> [Task objective]:
Word for word, restate each of the entries below, and drop every picture.

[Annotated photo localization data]
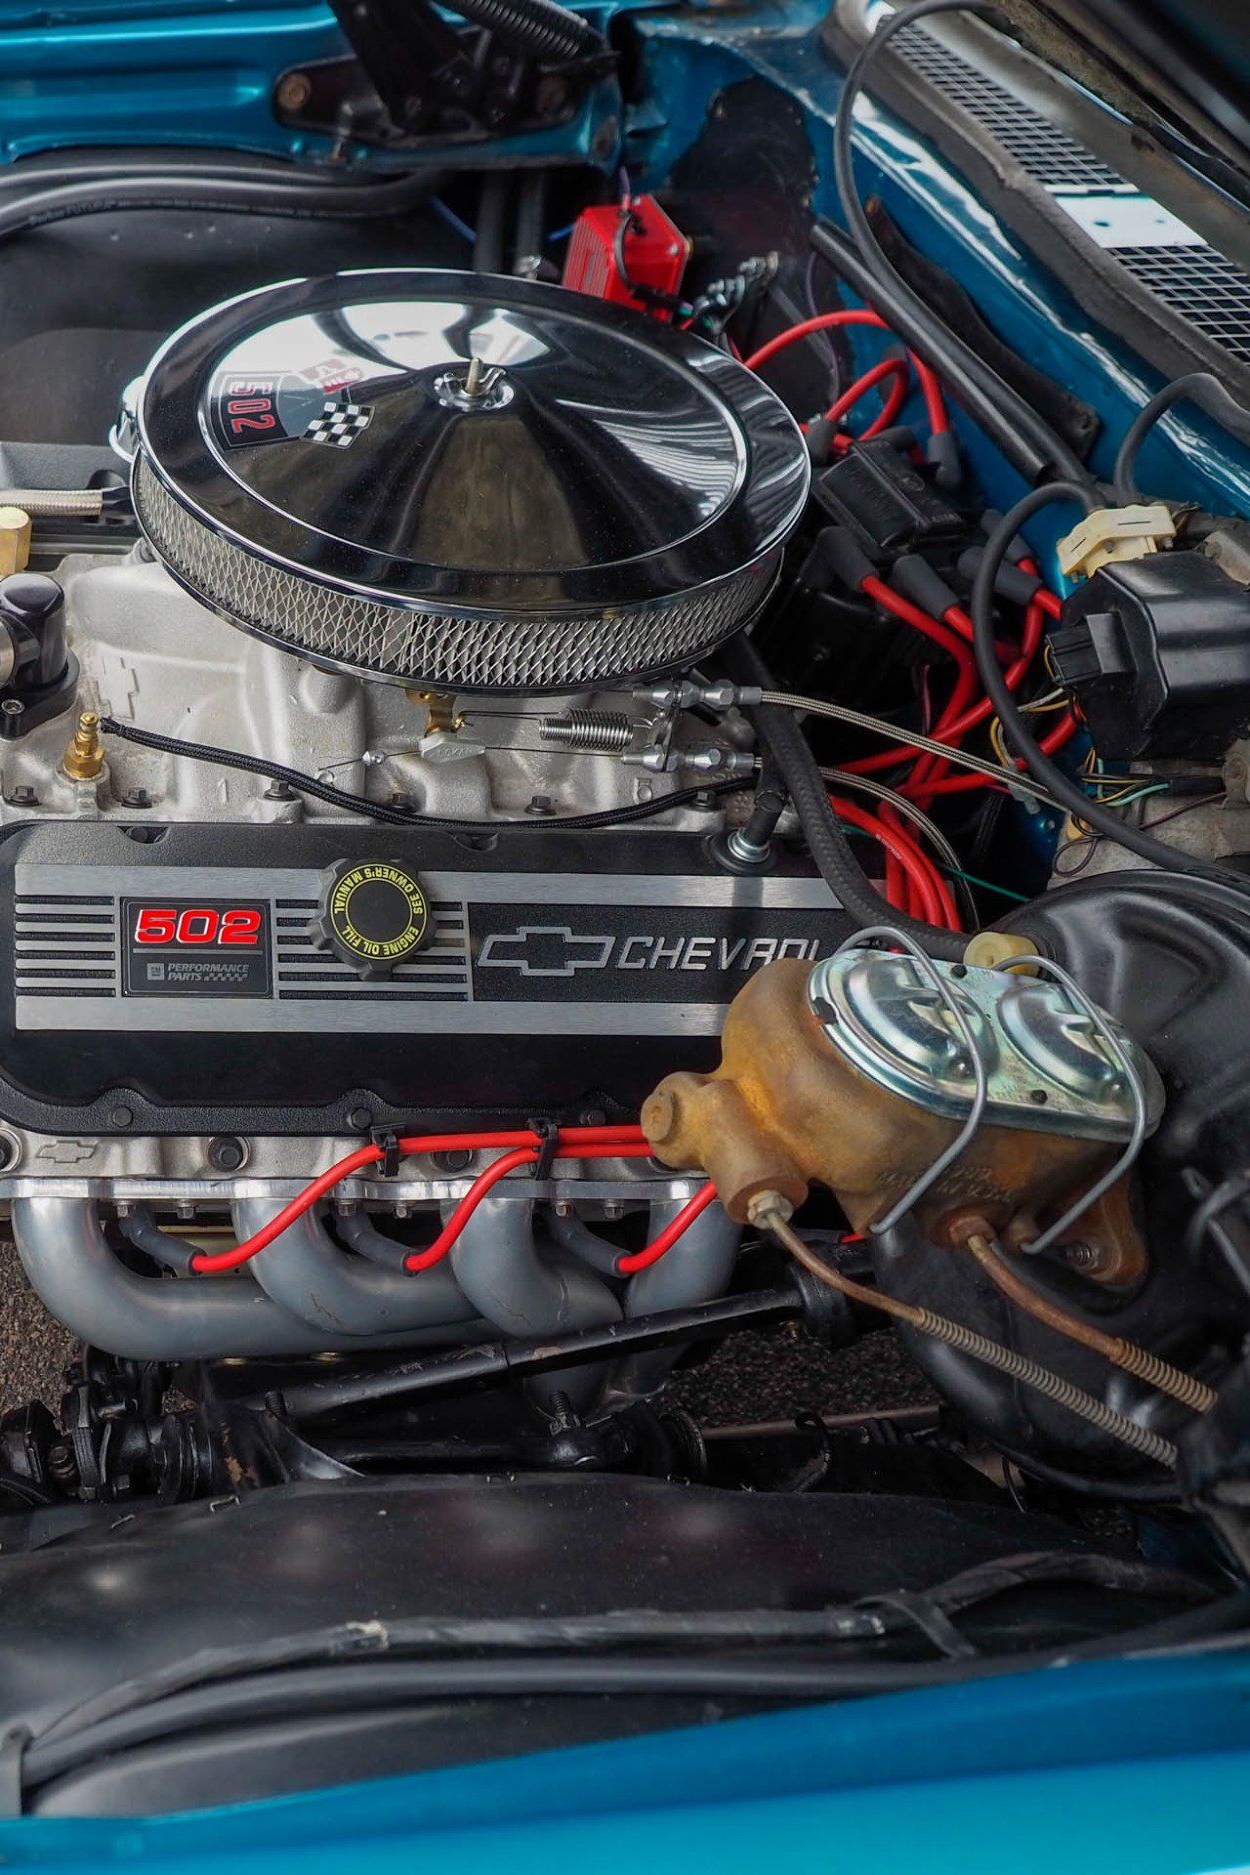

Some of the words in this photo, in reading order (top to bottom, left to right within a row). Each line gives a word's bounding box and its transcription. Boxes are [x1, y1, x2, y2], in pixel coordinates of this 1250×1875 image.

[228, 382, 275, 433] 502
[335, 871, 363, 914] MANUAL
[364, 867, 414, 893] OWNER'S
[410, 893, 423, 914] SEE
[135, 909, 261, 944] 502
[342, 925, 362, 947] FILL
[363, 941, 380, 955] OIL
[383, 926, 419, 955] ENGINE
[617, 937, 820, 970] CHEVRO
[167, 963, 250, 973] PERFORMANCE
[167, 972, 202, 981] PARTS

> [Answer section]:
Some of the words in this photo, in reading order (top to bottom, left to right within a row). Each line gives a word's bounding box and its transcription. Boxes are [x1, y1, x2, y2], in pixel coordinates of this 1250×1875 image.

[228, 382, 275, 433] 502
[335, 871, 363, 914] MANUAL
[364, 867, 414, 893] OWNER'S
[410, 893, 423, 914] SEE
[135, 909, 261, 944] 502
[342, 925, 362, 947] FILL
[363, 941, 380, 955] OIL
[383, 926, 419, 955] ENGINE
[617, 937, 820, 970] CHEVRO
[167, 963, 250, 973] PERFORMANCE
[167, 972, 202, 981] PARTS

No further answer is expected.